O que fez Pantera Negra se destacar dentre os longas da franquia MCU nos cinemas, levando-o até mesmo a concorrer ao Oscar de melhor filme, era o equilíbrio do conjunto. Coogler apostou em uma lenda fascinante, com cenas de ação certeiras e uma crítica ao imperialismo americano. Em sua essência, a produção de 2018 era feliz e bem-sucedida ao construir nas telas uma mitologia convincente, envolvendo cerimônias ritualísticas e fortes representações culturais que fundamentam Wakanda sem dispensar as boas e velhas lutas coreografadas, explosões e perseguições que fazem a festa dos fãs de blockbusters e ainda trazia uma base política sólida ao discutir racismo e colonialismo. Wakanda Para Sempre apresenta todos esses elementos, mas de maneira desorganizada e totalmente over.

A homenagem a Chadwick Boseman tem início nos créditos de abertura, continua na bela sequência inicial que representa a cerimônia fúnebre e se estende por toda a história. Após a morte de T’Challa, a rainha Ramonda (Angela Bassett) faz o possível para proteger sua nação de poderosos líderes estrangeiros que buscam se apossar do vibranium (metal fictício encontrado em abundância em Wakanda, que possui a capacidade de absorver todas as vibrações em sua proximidade, bem como a energia cinética direcionada a ela e faz com que a terra natal do Pantera Negra seja rica e poderosa), ao mesmo tempo em que tem de lidar com o luto pela perda do filho e tentar uma conexão com a filha, Shuri, que parece ter se fechado em um casulo após a morte do irmão.

Nesse ínterim, entidades do governo descobrem que Wakanda não é o único lugar a possuir vibranium, identificando-o também no fundo do oceano por meio de um detector construído especificamente para rastrear o elemento. A matéria é proveniente do reino submarino governado por Namor (Tenoch Huerta), um mutante com poderes extraordinários derivados de sua herança genética incomum, com fisiologia anfíbia, força sobre-humana, supervelocidade e pés alados que garantem a ele a capacidade de voar. Ao tomar conhecimento do detector de vibranium, Namor entra em contato com Wakanda a fim de solicitar apoio para que capturem a cientista responsável pela invenção. Riri Williams (Dominique Thorne) é uma jovem universitária que não faz ideia que é o principal alvo dessa caçada. Em meio a tudo isso, Shuri precisa encontrar seu lugar entre as lideranças de Wakanda, digladiando com o próprio rancor e sentimento de vingança que a consome.

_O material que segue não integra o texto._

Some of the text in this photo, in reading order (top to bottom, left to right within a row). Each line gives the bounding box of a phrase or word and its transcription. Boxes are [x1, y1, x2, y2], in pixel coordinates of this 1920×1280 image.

O elenco numeroso e as diversas tramas paralelas centradas em diferentes personagens tornam os já eloquentes 161 minutos de Wakanda Para Sempre insuficientes para trabalhar tanto material. Por isso mesmo, várias discussões interessantes acabam exploradas de maneira superficial, alcançando um nível muito raso de debate. É o caso, por exemplo, da tão alardeada (ao menos nos materiais de divulgação!) liderança feminina, que ganha pouca substância. Outros temas trabalhados com pouca profundidade neste exemplar afrofuturista da Marvel são justamente a questão racial e o imperialismo americano. Há muita coisa acontecendo na tela e, ainda assim, o roteiro peca ao não se aprofundar em nenhuma delas: a tentativa de focar em Shuri, as introduções de Namor e Riri Williams e o plot envolvendo o agente Everett Ross (Martin Freeman). Todas essas tramas socadas em um único longa tornam o enredo desequilibrado.

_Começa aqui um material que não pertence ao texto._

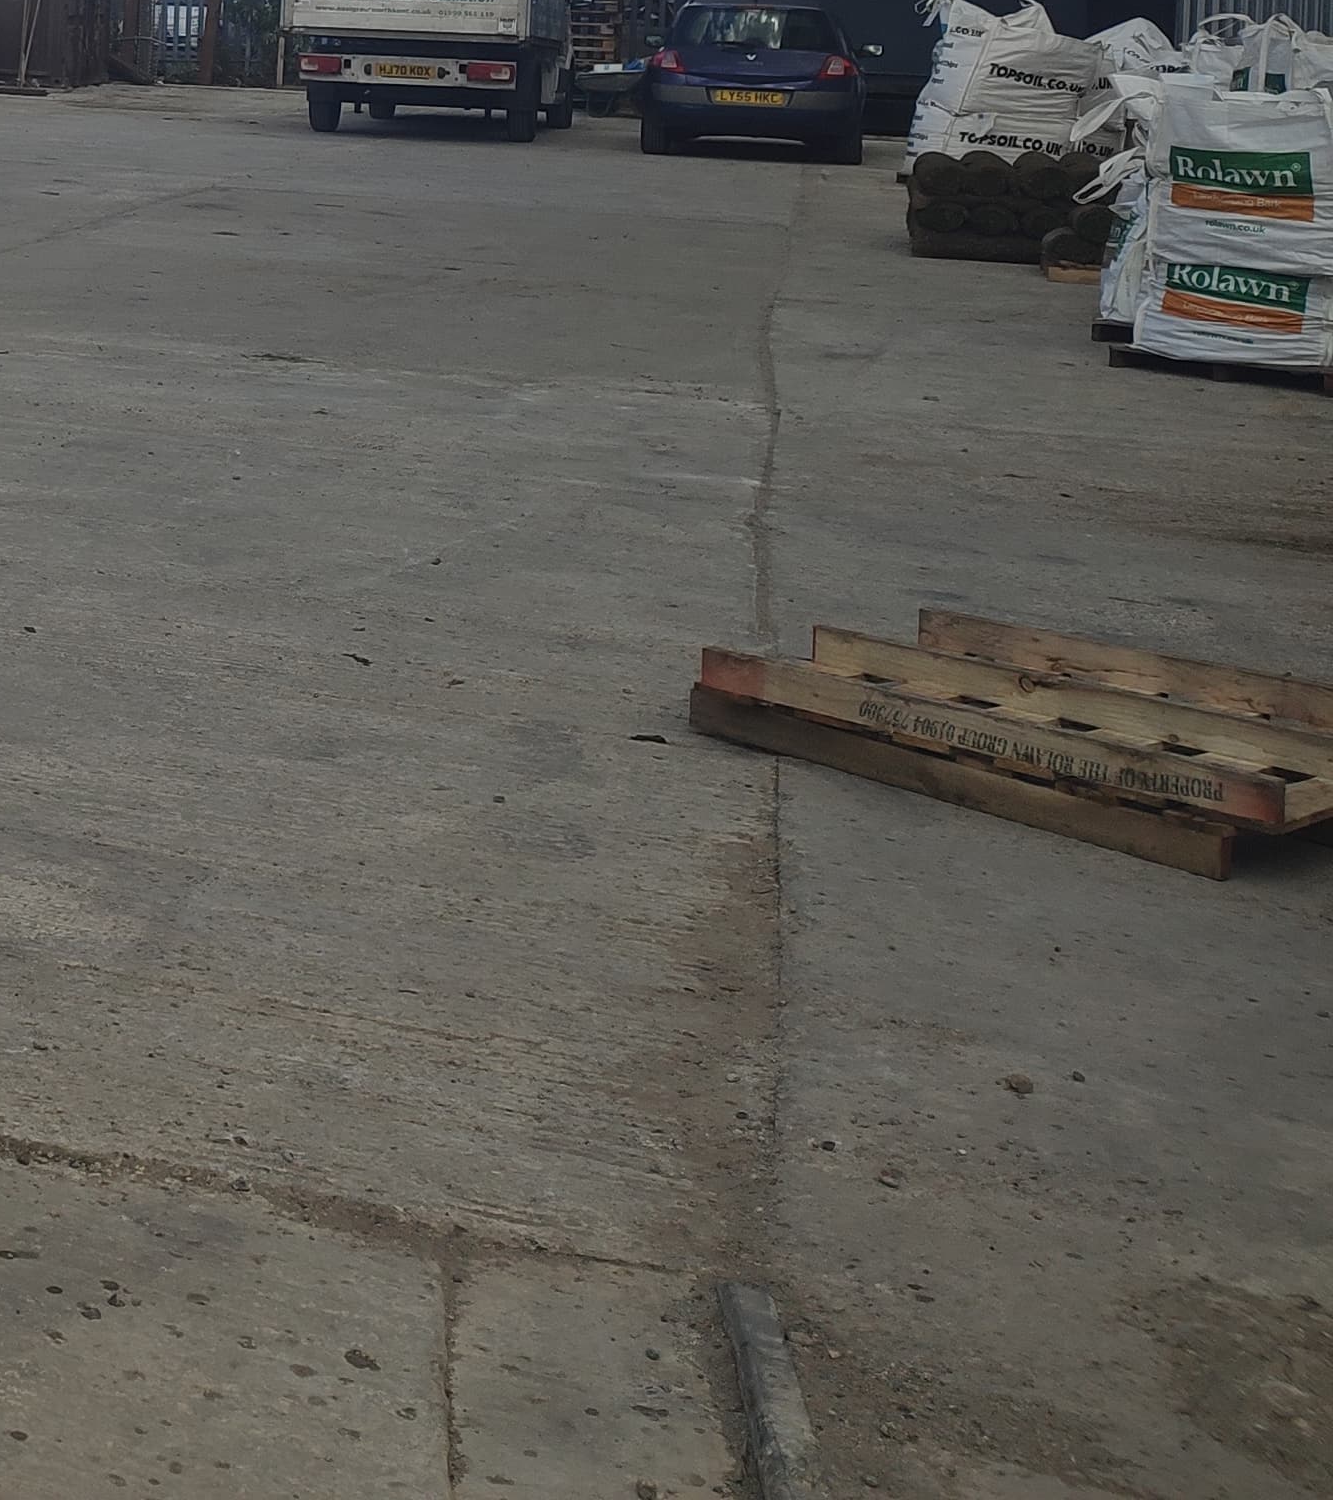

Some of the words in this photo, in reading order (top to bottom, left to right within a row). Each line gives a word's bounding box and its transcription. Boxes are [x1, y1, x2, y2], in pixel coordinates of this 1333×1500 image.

[379, 64, 407, 76] HJ70
[989, 62, 1086, 96] TOPSOIL.CO.UK
[720, 91, 752, 102] LY55
[754, 92, 778, 103] HKC
[958, 131, 1064, 157] TOPSOIL.CO.UK
[1176, 155, 1299, 188] Rolawn
[1205, 219, 1267, 235] rolawn.co.uk
[1173, 265, 1291, 303] Rolawn
[958, 728, 1008, 756] GROUP
[1014, 740, 1074, 775] ROLAWN
[1078, 757, 1109, 783] THE

Entendo que Wakanda Para Sempre ocupa uma posição difícil na franquia dos Vingadores. O longa tinha a ingrata função de “substituir” o herói de forma nobre, sem ferir seu legado. Mas toda essa construção aliada à introdução de duas personagens importantes transforma o longa em um bolo de noiva e é justamente o desenvolvimento de Shuri que acaba ofuscado. É até irônico, pois, mesmo sem querer, a personagem já acenava para essa possibilidade desde o ritual de desafio no primeiro longa. A pedra angular deste longa-metragem deveria ser a preparação do terreno para que, aos poucos, Shuri ganhasse protagonismo.

Há um momento em que a princesa pergunta a Namor o porquê de estar lhe contando tudo isso. E eu não resisti e respondi mentalmente: porque filmes hollywoodianos têm a mania de serem expositivos demais e contar origens por meio de flashbacks manjados. A insistência da indústria em subestimar a inteligência do público se baseia na crença de que o espectador não vai ser capaz de acompanhar uma história na tela se tudo não for devidamente explicado.

Se já não bastasse o excesso de tramas que incham o longa, a montagem vacila em diversos momentos, especialmente ao mostrar os desdobramentos de lutas tão definitivas, intercalando ambas e tirando o impacto do desfecho das duas. Como tradição dos filmes do estúdio, este não foge à regra de apresentar embates corporais repletos de cortes secos e abruptos. O design de produção continua primoroso e as cenas pirotécnicas que se desenrolam tanto em terra firme como no mar são empolgantes, embora o longa peque pela falta de contrastes, especialmente nas cenas que se passam no reino de Namor, Talokan. A trilha sonora é composta de vários temas interessantes, mas o conjunto da obra é deveras saturado. Há todo um cuidado em retratar a cultura dos wakandanos, explorando seus costumes e a mitologia dos povos que ocupam aquele território. O mesmo não acontece com os talokans. Mas nem vou reclamar nesse quesito, porque, além da certeza de que Namor regressará, isso só tornaria a produção ainda mais longa e modorrenta. Por falar nisso, a guerra entre as duas nações é maniqueísta e bidimensional, abusando de um artifício muito raso para deflagrar o conflito.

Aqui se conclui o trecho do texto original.